● Task instructions
Print the records exactly as they are written.

==================================================

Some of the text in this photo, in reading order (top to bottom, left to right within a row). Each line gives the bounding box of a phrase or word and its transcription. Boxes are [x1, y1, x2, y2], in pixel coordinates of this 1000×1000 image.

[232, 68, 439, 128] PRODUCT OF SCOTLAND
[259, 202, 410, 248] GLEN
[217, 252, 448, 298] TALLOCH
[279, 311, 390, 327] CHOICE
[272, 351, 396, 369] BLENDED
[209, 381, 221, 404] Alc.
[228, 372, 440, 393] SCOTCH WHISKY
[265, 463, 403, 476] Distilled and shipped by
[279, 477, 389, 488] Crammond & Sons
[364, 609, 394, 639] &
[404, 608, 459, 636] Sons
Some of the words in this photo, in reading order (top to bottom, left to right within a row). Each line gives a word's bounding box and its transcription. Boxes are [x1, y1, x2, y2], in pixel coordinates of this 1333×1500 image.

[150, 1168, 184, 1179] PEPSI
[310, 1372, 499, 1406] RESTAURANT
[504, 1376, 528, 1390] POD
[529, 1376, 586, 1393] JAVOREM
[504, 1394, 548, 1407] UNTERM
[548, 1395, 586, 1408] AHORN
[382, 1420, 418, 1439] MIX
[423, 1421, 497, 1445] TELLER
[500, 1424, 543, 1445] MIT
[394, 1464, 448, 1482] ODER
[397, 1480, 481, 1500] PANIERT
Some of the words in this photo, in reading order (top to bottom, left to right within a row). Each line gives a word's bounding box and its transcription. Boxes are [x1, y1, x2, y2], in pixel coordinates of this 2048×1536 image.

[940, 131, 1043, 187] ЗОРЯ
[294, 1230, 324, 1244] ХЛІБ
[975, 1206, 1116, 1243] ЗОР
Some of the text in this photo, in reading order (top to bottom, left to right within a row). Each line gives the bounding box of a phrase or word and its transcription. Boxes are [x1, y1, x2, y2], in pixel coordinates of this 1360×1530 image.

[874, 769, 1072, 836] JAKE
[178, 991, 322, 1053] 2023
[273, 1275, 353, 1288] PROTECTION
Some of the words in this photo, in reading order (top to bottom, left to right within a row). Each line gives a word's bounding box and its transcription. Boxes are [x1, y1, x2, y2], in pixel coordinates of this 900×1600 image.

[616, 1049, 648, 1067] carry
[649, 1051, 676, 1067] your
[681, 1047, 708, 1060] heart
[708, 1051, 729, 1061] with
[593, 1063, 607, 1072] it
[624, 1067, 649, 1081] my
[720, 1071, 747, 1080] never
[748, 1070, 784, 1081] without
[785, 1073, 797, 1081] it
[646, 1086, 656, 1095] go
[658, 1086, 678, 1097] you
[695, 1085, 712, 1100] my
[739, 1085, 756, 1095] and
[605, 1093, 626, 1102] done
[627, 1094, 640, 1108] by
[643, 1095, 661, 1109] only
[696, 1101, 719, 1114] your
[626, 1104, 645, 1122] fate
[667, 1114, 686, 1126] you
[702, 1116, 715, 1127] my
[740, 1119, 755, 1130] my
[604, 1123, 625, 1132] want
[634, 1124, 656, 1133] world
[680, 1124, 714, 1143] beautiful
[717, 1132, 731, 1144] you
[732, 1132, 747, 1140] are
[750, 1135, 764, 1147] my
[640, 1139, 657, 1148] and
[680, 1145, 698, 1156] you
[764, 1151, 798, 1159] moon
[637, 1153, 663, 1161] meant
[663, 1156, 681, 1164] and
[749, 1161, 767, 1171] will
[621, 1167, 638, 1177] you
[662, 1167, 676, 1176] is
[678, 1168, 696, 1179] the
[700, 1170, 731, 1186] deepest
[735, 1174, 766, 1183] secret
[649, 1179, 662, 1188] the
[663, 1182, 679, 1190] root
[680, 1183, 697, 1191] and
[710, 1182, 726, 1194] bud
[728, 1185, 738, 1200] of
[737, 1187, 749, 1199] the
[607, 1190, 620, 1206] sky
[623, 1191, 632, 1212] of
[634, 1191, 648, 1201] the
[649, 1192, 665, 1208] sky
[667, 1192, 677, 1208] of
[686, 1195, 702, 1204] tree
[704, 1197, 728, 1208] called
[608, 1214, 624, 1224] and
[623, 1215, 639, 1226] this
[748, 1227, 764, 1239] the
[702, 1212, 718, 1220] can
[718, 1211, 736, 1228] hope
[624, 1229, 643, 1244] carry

==================================================

● Response to this exercise
Some of the text in this photo, in reading order (top to bottom, left to right within a row). Each line gives the bounding box of a phrase or word and its transcription. Boxes are [x1, y1, x2, y2], in pixel coordinates of this 1000×1000 image.

[232, 68, 439, 128] PRODUCT OF SCOTLAND
[259, 202, 410, 248] GLEN
[217, 252, 448, 298] TALLOCH
[279, 311, 390, 327] CHOICE
[272, 351, 396, 369] BLENDED
[209, 381, 221, 404] Alc.
[228, 372, 440, 393] SCOTCH WHISKY
[265, 463, 403, 476] Distilled and shipped by
[279, 477, 389, 488] Crammond & Sons
[364, 609, 394, 639] &
[404, 608, 459, 636] Sons
Some of the words in this photo, in reading order (top to bottom, left to right within a row). Each line gives a word's bounding box and its transcription. Boxes are [x1, y1, x2, y2], in pixel coordinates of this 1333×1500 image.

[150, 1168, 184, 1179] PEPSI
[310, 1372, 499, 1406] RESTAURANT
[504, 1376, 528, 1390] POD
[529, 1376, 586, 1393] JAVOREM
[504, 1394, 548, 1407] UNTERM
[548, 1395, 586, 1408] AHORN
[382, 1420, 418, 1439] MIX
[423, 1421, 497, 1445] TELLER
[500, 1424, 543, 1445] MIT
[394, 1464, 448, 1482] ODER
[397, 1480, 481, 1500] PANIERT
Some of the words in this photo, in reading order (top to bottom, left to right within a row). Each line gives a word's bounding box and its transcription. Boxes are [x1, y1, x2, y2], in pixel coordinates of this 2048×1536 image.

[940, 131, 1043, 187] ЗОРЯ
[294, 1230, 324, 1244] ХЛІБ
[975, 1206, 1116, 1243] ЗОР
Some of the text in this photo, in reading order (top to bottom, left to right within a row). Each line gives the bounding box of a phrase or word and its transcription. Boxes are [x1, y1, x2, y2], in pixel coordinates of this 1360×1530 image.

[874, 769, 1072, 836] JAKE
[178, 991, 322, 1053] 2023
[273, 1275, 353, 1288] PROTECTION
Some of the words in this photo, in reading order (top to bottom, left to right within a row). Each line gives a word's bounding box and its transcription. Boxes are [x1, y1, x2, y2], in pixel coordinates of this 900×1600 image.

[616, 1049, 648, 1067] carry
[649, 1051, 676, 1067] your
[681, 1047, 708, 1060] heart
[708, 1051, 729, 1061] with
[593, 1063, 607, 1072] it
[624, 1067, 649, 1081] my
[720, 1071, 747, 1080] never
[748, 1070, 784, 1081] without
[785, 1073, 797, 1081] it
[646, 1086, 656, 1095] go
[658, 1086, 678, 1097] you
[695, 1085, 712, 1100] my
[739, 1085, 756, 1095] and
[605, 1093, 626, 1102] done
[627, 1094, 640, 1108] by
[643, 1095, 661, 1109] only
[696, 1101, 719, 1114] your
[626, 1104, 645, 1122] fate
[667, 1114, 686, 1126] you
[702, 1116, 715, 1127] my
[740, 1119, 755, 1130] my
[604, 1123, 625, 1132] want
[634, 1124, 656, 1133] world
[680, 1124, 714, 1143] beautiful
[717, 1132, 731, 1144] you
[732, 1132, 747, 1140] are
[750, 1135, 764, 1147] my
[640, 1139, 657, 1148] and
[680, 1145, 698, 1156] you
[764, 1151, 798, 1159] moon
[637, 1153, 663, 1161] meant
[663, 1156, 681, 1164] and
[749, 1161, 767, 1171] will
[621, 1167, 638, 1177] you
[662, 1167, 676, 1176] is
[678, 1168, 696, 1179] the
[700, 1170, 731, 1186] deepest
[735, 1174, 766, 1183] secret
[649, 1179, 662, 1188] the
[663, 1182, 679, 1190] root
[680, 1183, 697, 1191] and
[710, 1182, 726, 1194] bud
[728, 1185, 738, 1200] of
[737, 1187, 749, 1199] the
[607, 1190, 620, 1206] sky
[623, 1191, 632, 1212] of
[634, 1191, 648, 1201] the
[649, 1192, 665, 1208] sky
[667, 1192, 677, 1208] of
[686, 1195, 702, 1204] tree
[704, 1197, 728, 1208] called
[608, 1214, 624, 1224] and
[623, 1215, 639, 1226] this
[748, 1227, 764, 1239] the
[702, 1212, 718, 1220] can
[718, 1211, 736, 1228] hope
[624, 1229, 643, 1244] carry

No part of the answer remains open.